The Son of Man came eating and drinking, and they say, ‘Look at him! A glutton and a drunkard, a friend of tax collectors and sinners!’ Yet wisdom is justified by her deeds.—Matthew 11:19
What does it mean that Christ is a friend to sinners? At the very least, it means that he enjoys spending time with them. It also means that they feel welcome and comfortable around him. In a striking passage in Luke’s Gospel we discover that, as it says in Luke 15, “tax collectors and sinners were all drawing near to hear him.”
The very two groups of people whom Jesus is accused of befriending in Matthew 11 are those who can’t stay away from him in Luke 15. They are at ease around him. They sense something different about him. Others hold them at arms’ length, but Jesus offers the enticing intrigue of fresh hope. What he is really doing, at bottom, is pulling them into his heart.
Here is the promise of the gospel and the message of the whole Bible: In Jesus Christ, we are given a friend who will always enjoy rather than refuse our presence. This is a companion whose embrace of us does not strengthen or weaken depending on how clean or unclean, how attractive or revolting, how faithful or fickle, we presently are. The friendliness of his heart for us subjectively is as fixed and stable as is the declaration of his justification of us objectively.
Won’t most of us admit that even with our best friends, we don’t feel fully comfortable divulging everything about our lives? We like them, and even love them, and go on vacation with them, and sing their praises to others—but we don’t really, at the deepest heart level, entrust ourselves to them.
What if you had a friend at the center of the bull’s-eye of your relationship circle, whom you knew would never raise his eyebrows at what you share with him, even the worst parts of you? All our human friendships have a limit to what they can withstand. But what if there were a friend with no limit?
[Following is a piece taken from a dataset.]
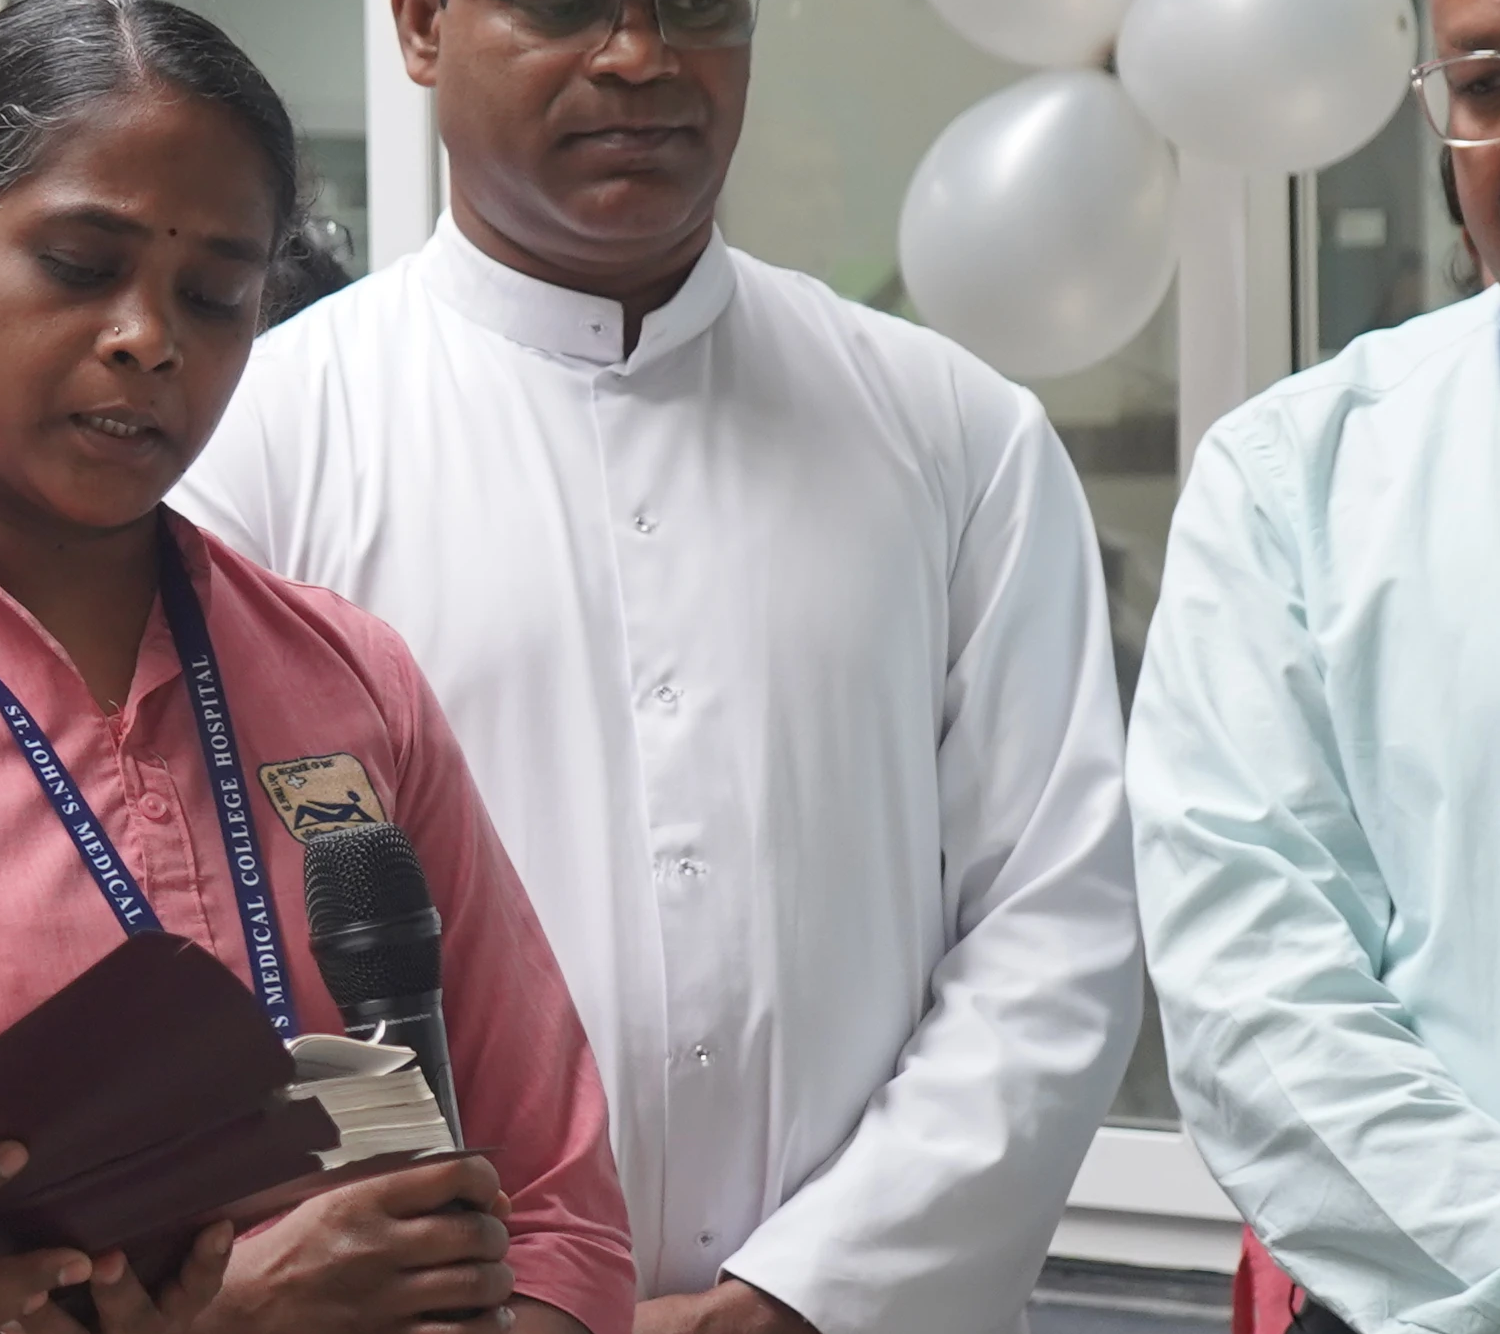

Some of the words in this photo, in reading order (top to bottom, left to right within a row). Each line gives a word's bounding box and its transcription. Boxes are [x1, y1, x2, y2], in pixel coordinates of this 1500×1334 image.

He offers us a friendship that gets underneath the pain of our loneliness.
It would be cruel to suggest that human friendship is irrelevant once one has been befriended by Christ. God made us for fellowship, for union of heart, with other people. Everyone gets lonely— including introverts.
But Christ’s heart for us means that he will be our never-failing friend no matter what friends we do or do not enjoy on earth. He offers us a friendship that gets underneath the pain of our loneliness.
While that pain does not go away, its sting is made fully bearable by the far deeper friendship of Jesus. He walks with us through every moment. He knows the pain of being betrayed by a friend, but he will never betray us. He will not even so much as coolly welcome us.
That is not who he is. That is not his heart.